Braden Wallake, the CEO of Columbus, Ohio-based marketing services firm HyperSocial, took to LinkedIn to announce the firings in a lengthy, blubbering ramble to employees.

It is unclear how many employees were fired by the company.

“This will be the most vulnerable thing I’ll ever share,” he wrote. “I’ve gone back and forth whether to post this or not. We just had to layoff a few of our employees.”

Wallake then wrote that the dismissals were “my fault” because of a decision that he made in February. He admitted that he “stuck with that decision for far too long.”

“Now, I know my team will say that ‘we made that decision together,’ but I lead us into it,” he wrote. “And because of those failings, I had to do today, the toughest thing I’ve ever had to do.”

“We’ve always been a people first business. And we always will be,” he added.

“Days like today, I wish I was a business owner that was only money driven and didn’t care about who he hurt along the way,” Wallake wrote. “But I’m not. I’m sure there are hundreds and thousands of others like me.”

According to HyperSocial’s LinkedIn page, the company, which was founded in 2019, has up to 50 employees. The Post has reached out to Wallake seeking comment.

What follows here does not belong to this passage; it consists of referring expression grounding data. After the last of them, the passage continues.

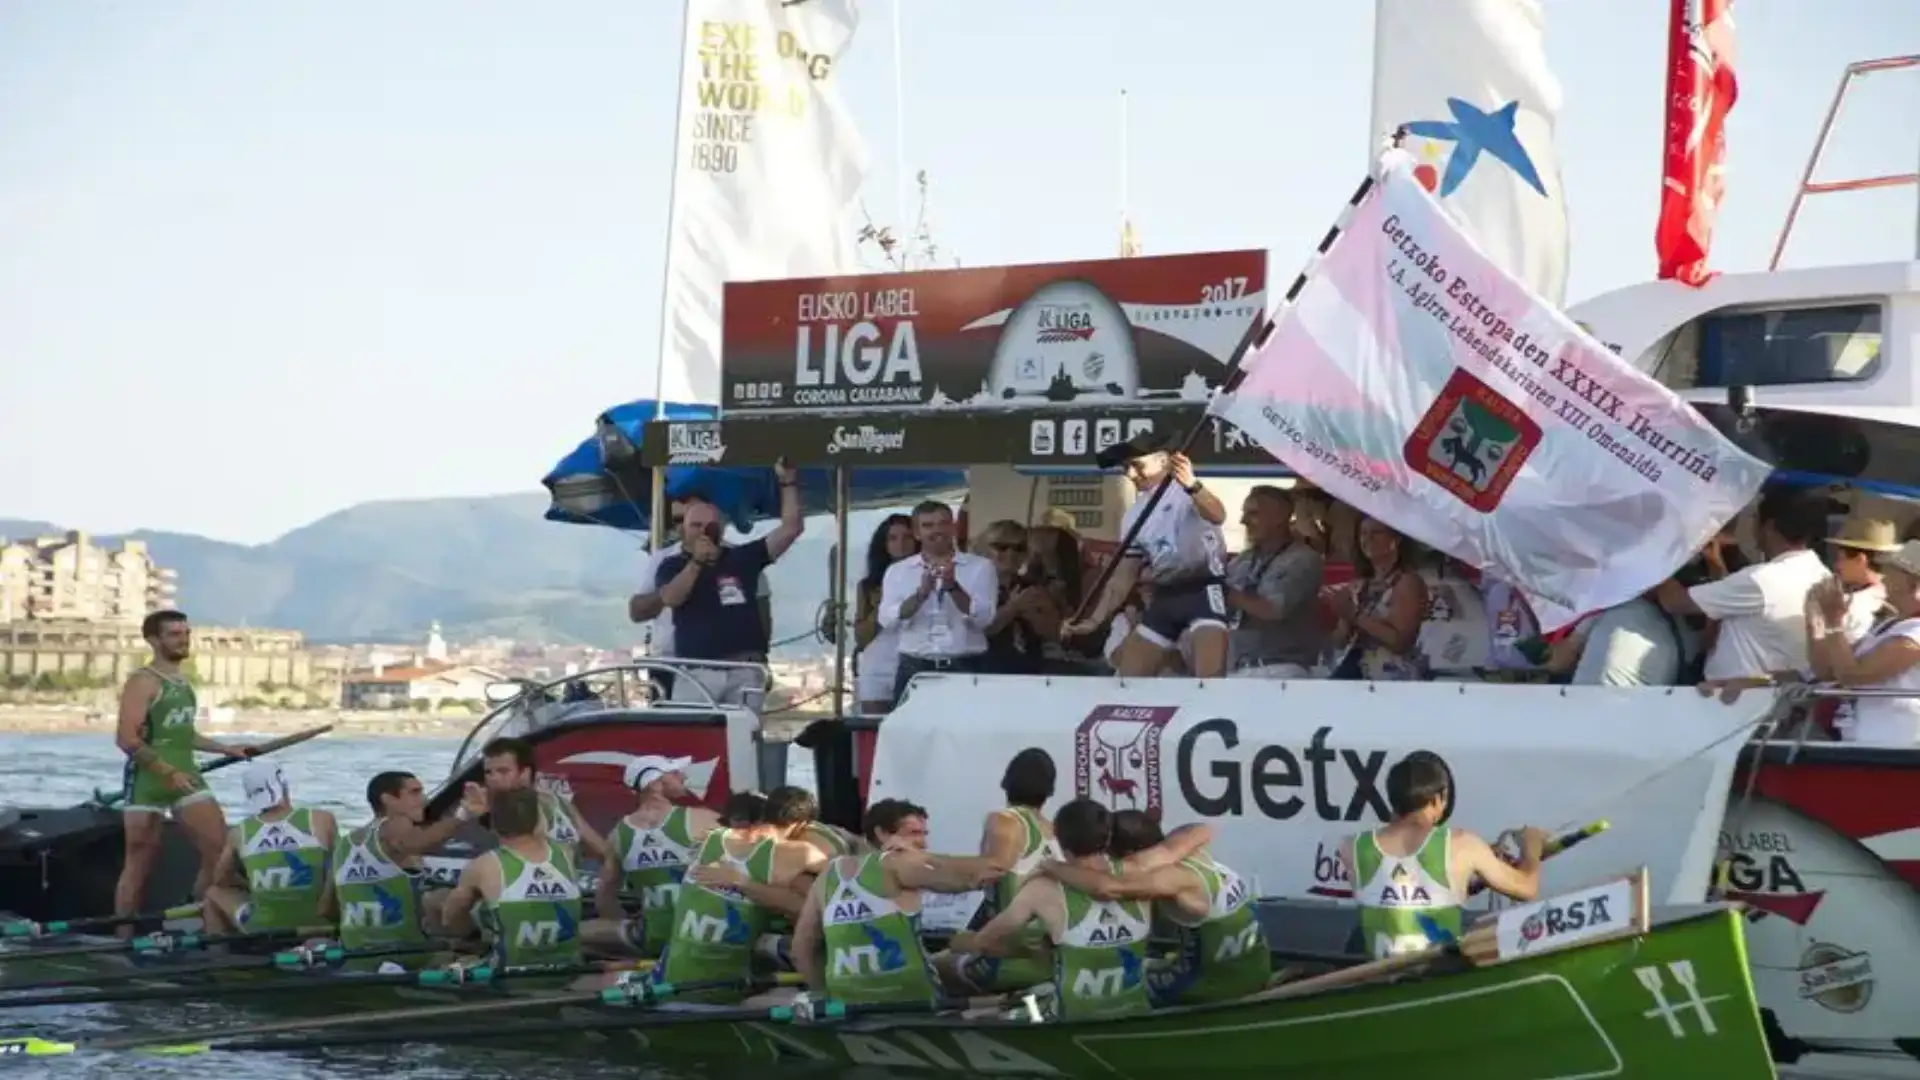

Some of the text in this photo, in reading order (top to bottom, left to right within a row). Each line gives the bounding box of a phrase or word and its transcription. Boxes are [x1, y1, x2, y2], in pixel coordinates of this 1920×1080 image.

[693, 113, 754, 142] SINCE
[691, 144, 738, 173] 1890
[1200, 277, 1249, 304] 2017
[798, 288, 919, 321] EUSKO LABEL
[795, 321, 922, 385] LIGA
[1382, 214, 1448, 284] Getxoko
[1445, 276, 1550, 369] Estropaden
[1626, 412, 1718, 482] Ikurriña
[1405, 282, 1451, 323] Agirre
[1554, 400, 1591, 431] XIII
[1587, 423, 1664, 483] Omenaldia
[794, 385, 922, 405] CORONA CAIXABANK
[1738, 831, 1798, 853] LABEL
[636, 848, 681, 867] AIA
[525, 881, 567, 896] AIA
[1380, 883, 1433, 905] AIA
[833, 900, 873, 919] AIA
[1088, 924, 1134, 944] AIA
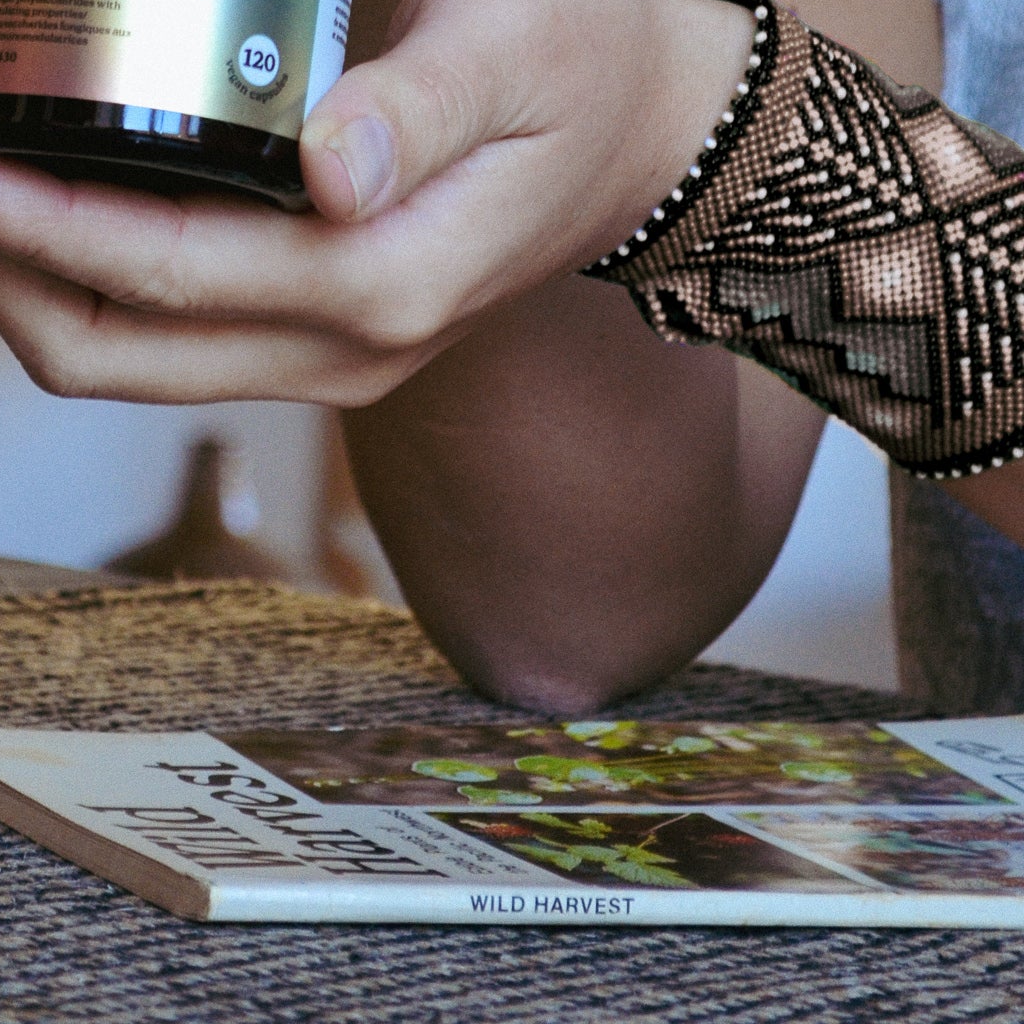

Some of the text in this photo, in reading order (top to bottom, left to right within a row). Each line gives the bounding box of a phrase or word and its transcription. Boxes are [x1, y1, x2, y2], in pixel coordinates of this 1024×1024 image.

“The ones you don’t see talked about,” he continued. “Because they didn’t lay off 50 or 500 or 5000 employees. They laid off 1 or 2 or 3. 1 or 2 or 3 that would still be here if better decisions had been made.”

Wallake continued: “I know it isn’t professional to tell my employees that I love them. But from the bottom of my heart, I hope they know how much I do.”

“Every single one. Every single story. Every single thing that makes them smile and every single thing that makes them cry,” he wrote. “Their families. Their friends. Their hobbies. I’ve always hired people based on who they are as people.”

“People with great hearts, and great souls. And I can’t think of a lower moment than this,” Wallake wrote.

The post by Wallake generated nearly 28,500 reactions, more than 4,770 comments, and nearly 400 shares as of Wednesday afternoon. Most of the reactions were negative.

“Why don’t you cut your salary or don’t take one until the company is back where you need it to be?” one commenter wrote on LinkedIn. “I mean, if you really cared about your employees and the hardship you just dropped on them.”

Another LinkedIn user posted a screenshot of an Instagram post by Wallake from June in which he announced that he adopted a sea otter.

“Maybe it’s not a great idea to adopt a sea lion at the beginning of a recession?”

Wallake pushed back, saying that the adoption was a result of a “donation made on my behalf as a birthday present to me” and that he doesn’t “actually have a sea otter running around our van.”

Another LinkedIn user wrote: “are you being serious here?! Perhaps you think all publicity is good publicity.

“For goodness sake show some humility or some dignity.”

Another critic wrote: “I am sorry, your post causes bad feelings at me. This is more about YOUR feelings and not about the feelings of the people you had to lay off. That looks a bit like self-pity.”

Others on LinkedIn defended Wallake and criticized those who ridiculed him.

“What about this post in which he admits his faults, failures and expresses his anguish at the hurt he’s caused made you feel the need to pile on?” one Wallake defender wrote.

Wallake posted another message on LinkedIn on Wednesday in response to the backlash. He defended his decision to post the thread and pushed back on suggestions that he publicly name the fired employees.

“Hey everyone, yes, I am the crying CEO,” he wrote.

“No, my intent was not to make it about me or victimize myself. I am sorry it came across that way.”

Wallake continued: “It was not my place to out the employees’ names publicly.”

“What I want to do now, is try to make better of this situation and start a thread for people looking for work,” he wrote.

The move was a far cry from last year’s widely publicized incident in which the chief executive of Better.com callously announced that he would be laying off hundreds of workers during a three-minute Zoom call.